** Exercise inputs follows **
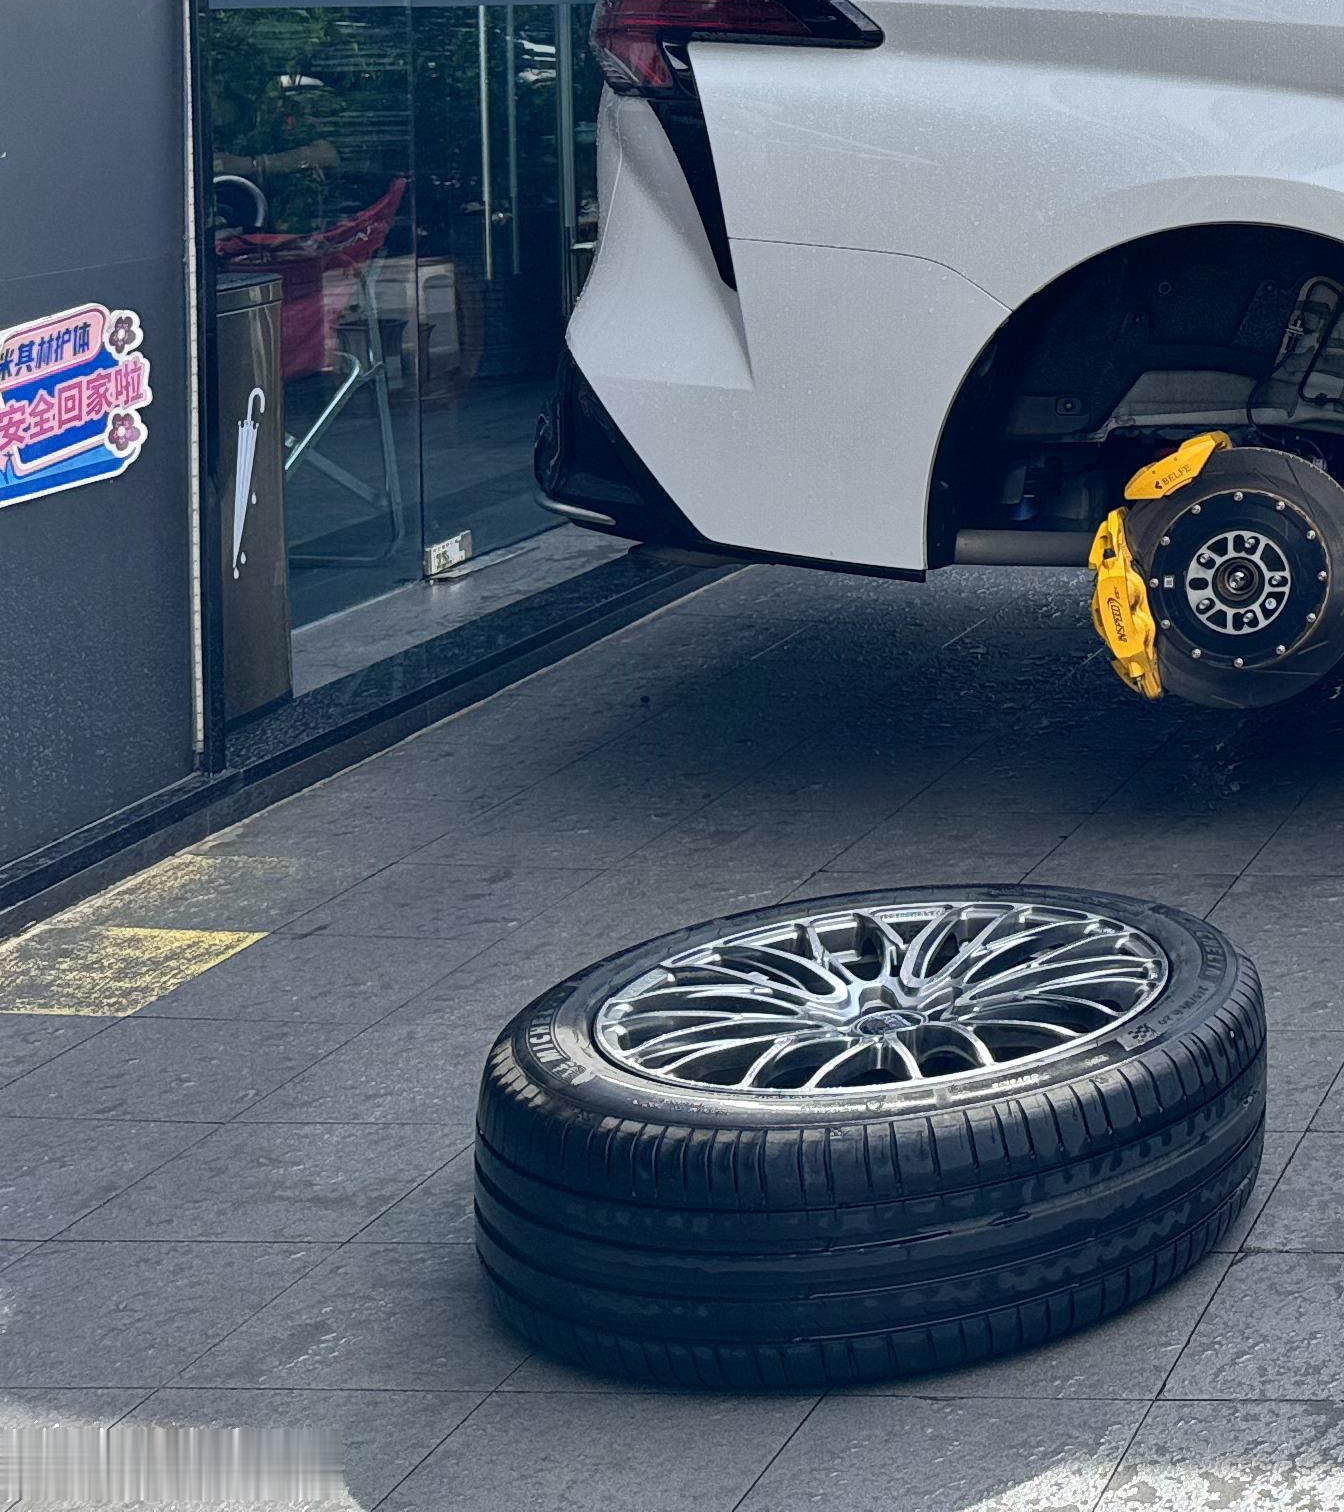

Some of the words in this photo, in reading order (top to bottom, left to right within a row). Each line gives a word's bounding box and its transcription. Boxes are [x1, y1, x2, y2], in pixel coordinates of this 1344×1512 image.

[0, 361, 144, 449] 安全回家啦
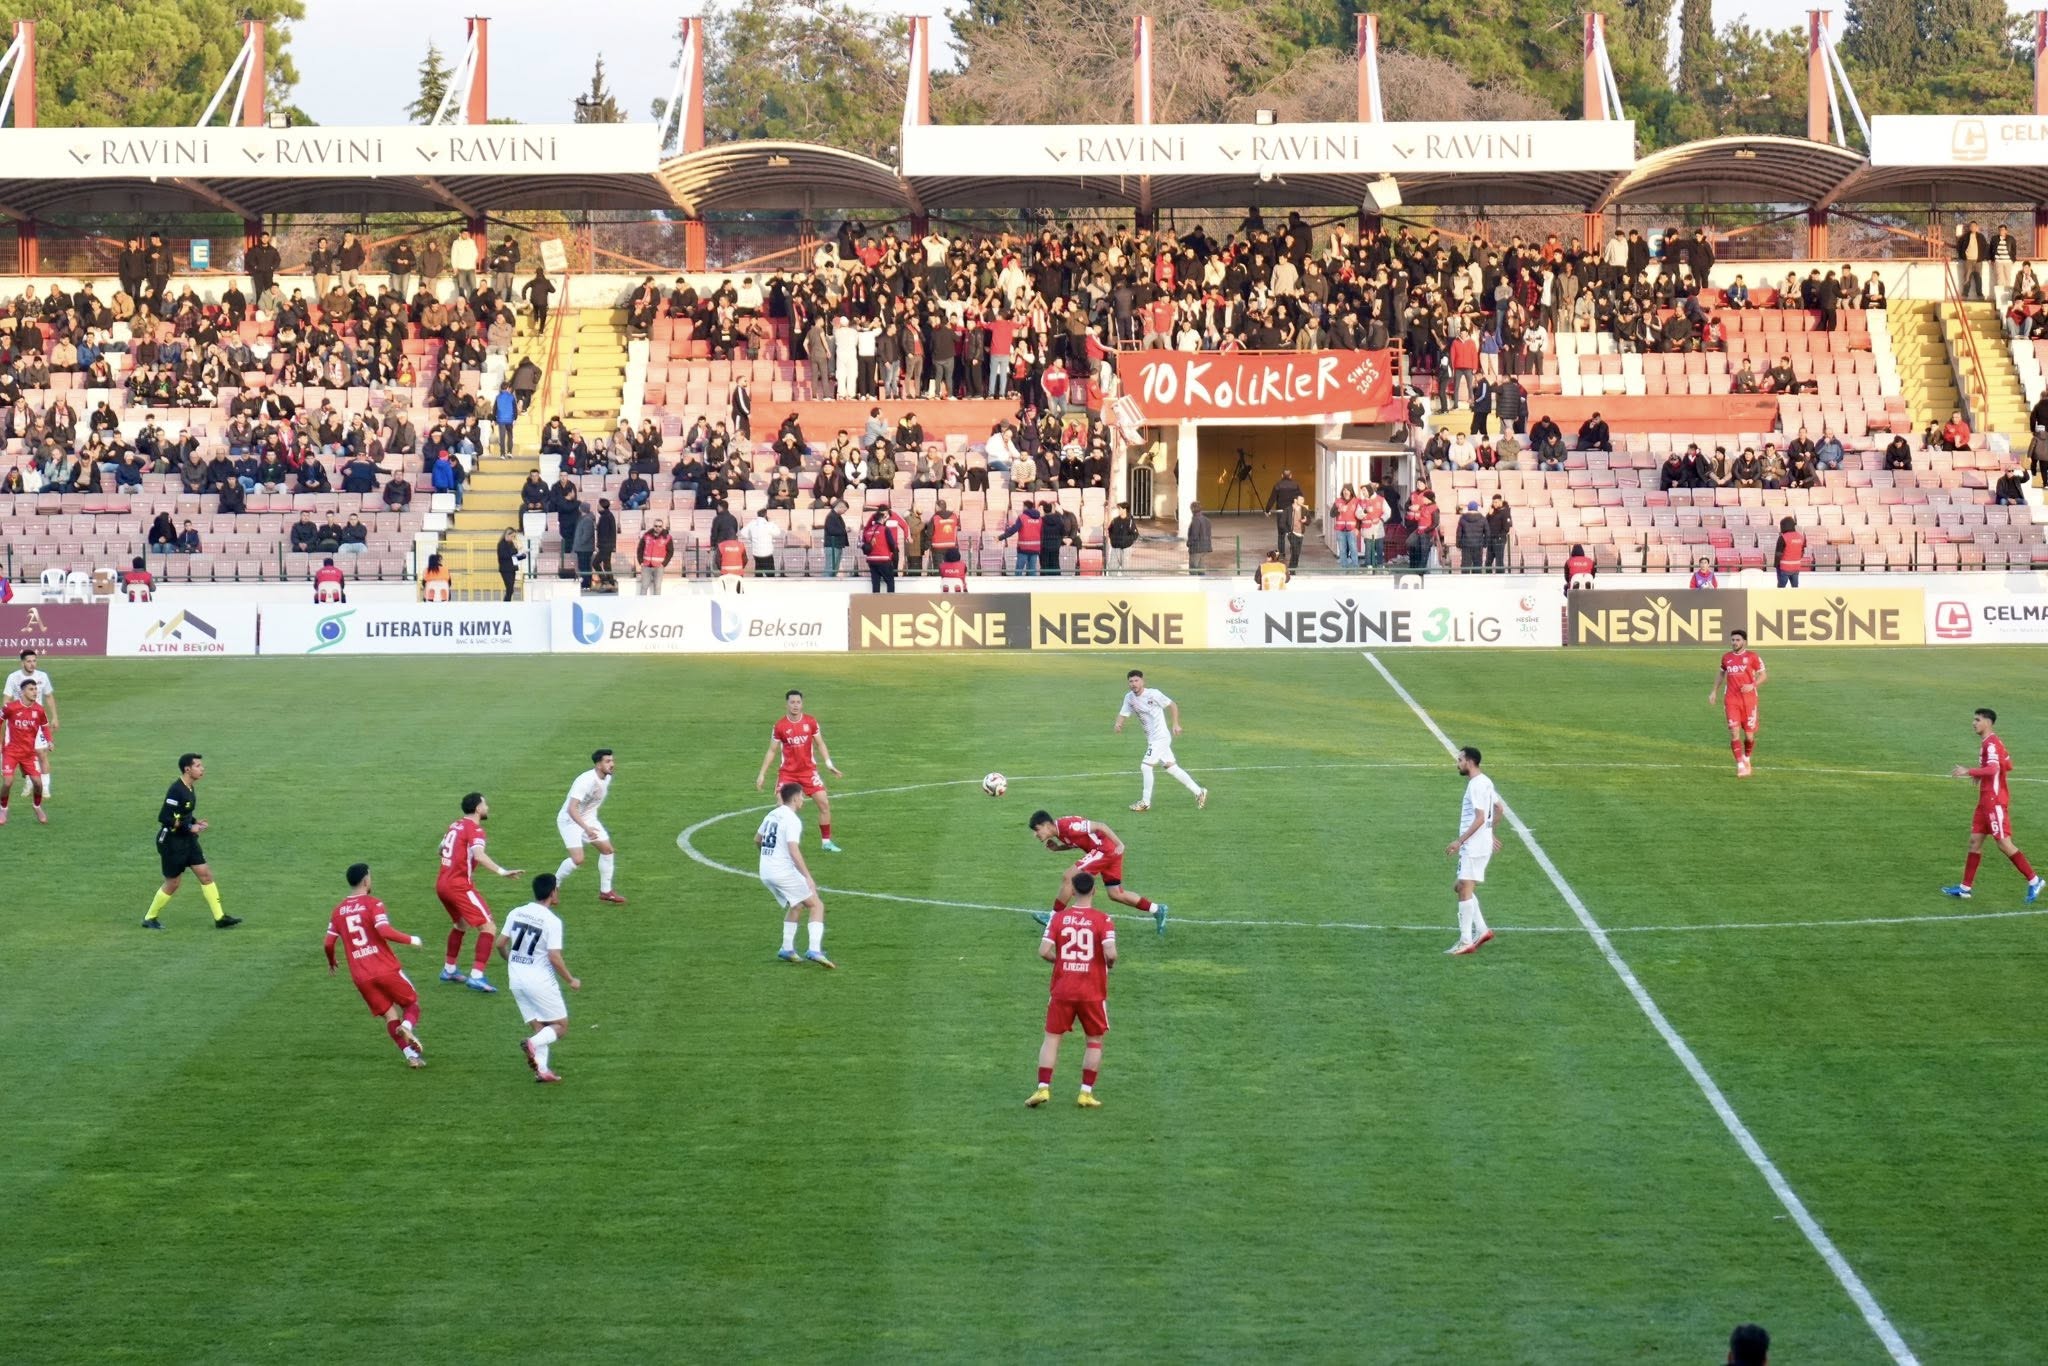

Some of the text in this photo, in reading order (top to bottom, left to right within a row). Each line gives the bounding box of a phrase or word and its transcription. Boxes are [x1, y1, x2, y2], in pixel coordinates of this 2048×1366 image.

[193, 246, 208, 262] E
[1139, 361, 1178, 404] 10
[610, 620, 684, 639] Beksan
[749, 617, 822, 638] Beksan
[139, 643, 178, 653] ALTIN
[345, 914, 368, 947] 5
[511, 919, 543, 957] 77
[1060, 926, 1094, 961] 29
** End of Exercise inputs **
#### Exercise
Your task is to set down each line above verbatim while excluding the pictures.

#### Expected answer
Some of the words in this photo, in reading order (top to bottom, left to right within a row). Each line gives a word's bounding box and its transcription. Boxes are [x1, y1, x2, y2], in pixel coordinates of this 1344×1512 image.

[0, 361, 144, 449] 安全回家啦

Some of the text in this photo, in reading order (top to bottom, left to right within a row). Each line gives the bounding box of a phrase or word and its transcription. Boxes are [x1, y1, x2, y2], in pixel coordinates of this 2048×1366 image.

[193, 246, 208, 262] E
[1139, 361, 1178, 404] 10
[610, 620, 684, 639] Beksan
[749, 617, 822, 638] Beksan
[139, 643, 178, 653] ALTIN
[345, 914, 368, 947] 5
[511, 919, 543, 957] 77
[1060, 926, 1094, 961] 29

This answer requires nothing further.